More power to you if you make the commitment to exclude animal products from your diet! Unfortunately, many articles and publications glamorize going vegan. I say “unfortunately” because they paint a picture of achieving optimum health when you say no to meat.
It’s not quite that simple … not to mention a grilled ribeye is hard to turn down! If you are looking for a new diet to achieve that perfect bod, saying no to meat doesn’t instantly drop body fat, give you washboard abs, or increase your I.Q. It will most likely improve your overall health but there are some key nutritional needs your body will be missing. If they are overlooked your meat kicking commitment can end up sabotaging your health. These three nutrients are specifically important to any meat-free diet.
It’s a core macronutrient that provides the body with key muscle building blocks called amino acids. Our body uses the amino acids to repair, and build muscle tissue. When all essential amino acids are present, a protein is considered complete. All animal protein sources are complete but plant protein sources may not contain all essential amino acids. Those following a meat-free diet must mix their plant protein sources to consume all essential amino acids and thus have what the body needs to repair and build muscle.
The minerals zinc, calcium and iron are found in meats and milk but lacking in plants. These minerals play key roles in our body. Zinc helps with our immune system, digestive system, metabolism and over 300 enzymes in the body require it. Calcium is known for helping create and maintain strong bones and teeth but it plays a major role in muscle contraction, lowering blood pressure and protecting against diabetes. Iron is required to produce red blood cells and can lead to anemia if you are deficient.

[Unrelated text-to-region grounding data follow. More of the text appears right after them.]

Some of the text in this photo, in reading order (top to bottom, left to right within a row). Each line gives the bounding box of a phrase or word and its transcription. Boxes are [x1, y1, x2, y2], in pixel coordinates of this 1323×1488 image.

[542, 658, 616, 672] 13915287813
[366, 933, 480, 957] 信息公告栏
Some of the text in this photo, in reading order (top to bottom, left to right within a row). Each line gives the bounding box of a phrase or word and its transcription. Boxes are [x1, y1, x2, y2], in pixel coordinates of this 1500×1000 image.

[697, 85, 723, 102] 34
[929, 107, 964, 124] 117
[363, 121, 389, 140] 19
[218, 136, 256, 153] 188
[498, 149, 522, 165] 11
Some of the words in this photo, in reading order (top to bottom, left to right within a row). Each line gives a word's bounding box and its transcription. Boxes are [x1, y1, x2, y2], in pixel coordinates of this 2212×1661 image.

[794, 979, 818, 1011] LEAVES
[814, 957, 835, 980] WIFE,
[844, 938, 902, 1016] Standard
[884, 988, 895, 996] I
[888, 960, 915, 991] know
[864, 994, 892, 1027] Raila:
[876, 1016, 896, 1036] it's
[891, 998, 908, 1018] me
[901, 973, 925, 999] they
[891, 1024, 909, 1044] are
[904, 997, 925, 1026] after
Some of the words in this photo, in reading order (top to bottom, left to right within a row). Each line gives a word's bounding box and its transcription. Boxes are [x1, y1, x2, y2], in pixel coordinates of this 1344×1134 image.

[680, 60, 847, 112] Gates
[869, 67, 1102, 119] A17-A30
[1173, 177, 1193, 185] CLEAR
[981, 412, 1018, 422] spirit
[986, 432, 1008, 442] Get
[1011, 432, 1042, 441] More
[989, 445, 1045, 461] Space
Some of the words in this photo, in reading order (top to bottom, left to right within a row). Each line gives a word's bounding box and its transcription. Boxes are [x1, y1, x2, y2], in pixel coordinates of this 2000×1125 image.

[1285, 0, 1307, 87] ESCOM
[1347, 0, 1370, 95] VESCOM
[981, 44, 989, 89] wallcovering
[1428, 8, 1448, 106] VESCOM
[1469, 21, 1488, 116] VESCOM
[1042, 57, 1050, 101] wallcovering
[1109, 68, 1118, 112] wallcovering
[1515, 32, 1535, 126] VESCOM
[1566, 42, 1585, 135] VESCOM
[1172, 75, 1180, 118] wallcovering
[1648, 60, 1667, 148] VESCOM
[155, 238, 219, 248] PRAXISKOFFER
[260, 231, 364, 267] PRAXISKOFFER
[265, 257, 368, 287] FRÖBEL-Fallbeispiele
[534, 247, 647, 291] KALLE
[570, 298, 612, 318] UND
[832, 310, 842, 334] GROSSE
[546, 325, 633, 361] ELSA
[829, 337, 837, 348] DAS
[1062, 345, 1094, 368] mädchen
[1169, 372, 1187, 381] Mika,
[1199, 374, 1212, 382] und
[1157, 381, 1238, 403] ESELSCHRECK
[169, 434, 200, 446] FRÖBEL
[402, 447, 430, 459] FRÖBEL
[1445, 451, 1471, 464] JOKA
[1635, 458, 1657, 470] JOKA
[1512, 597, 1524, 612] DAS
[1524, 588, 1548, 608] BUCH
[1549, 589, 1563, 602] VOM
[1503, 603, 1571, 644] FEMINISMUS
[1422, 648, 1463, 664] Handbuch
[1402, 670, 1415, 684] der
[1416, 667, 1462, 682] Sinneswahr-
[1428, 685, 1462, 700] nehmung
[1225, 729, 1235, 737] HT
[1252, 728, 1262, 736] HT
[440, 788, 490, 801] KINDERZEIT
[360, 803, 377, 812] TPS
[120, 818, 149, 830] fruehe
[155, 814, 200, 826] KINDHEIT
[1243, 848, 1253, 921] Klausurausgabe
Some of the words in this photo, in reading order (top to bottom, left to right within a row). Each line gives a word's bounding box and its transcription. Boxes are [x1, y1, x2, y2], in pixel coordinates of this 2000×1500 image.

Vitamins B2 (riboflavin), B12 and D are also concentrated in meats and milk. Vitamin B2 is needed by the body to utilize other vitamins and nutrients like B6, folate, niacin and iron. Vitamin B12 plays an essential role in our natural energy production. Vitamin D is essential for our immune system, bone strength, mood and so much more. I don’t want to scare you away from a meat free diet.
When you go vegan, it’s important to be aware of nutrition you’ll be missing. These voids won’t show up the first day or week of your new diet, however over time they will chip away at the optimum health you want to achieve. Simply make a few adjustments to your plan and find quality supplements to fill the gaps.
We are what we eat. Taking control of your diet is the quickest way to take control of your health. There are many pathways to achieving your best health, we just want you to avoid the potholes along the way!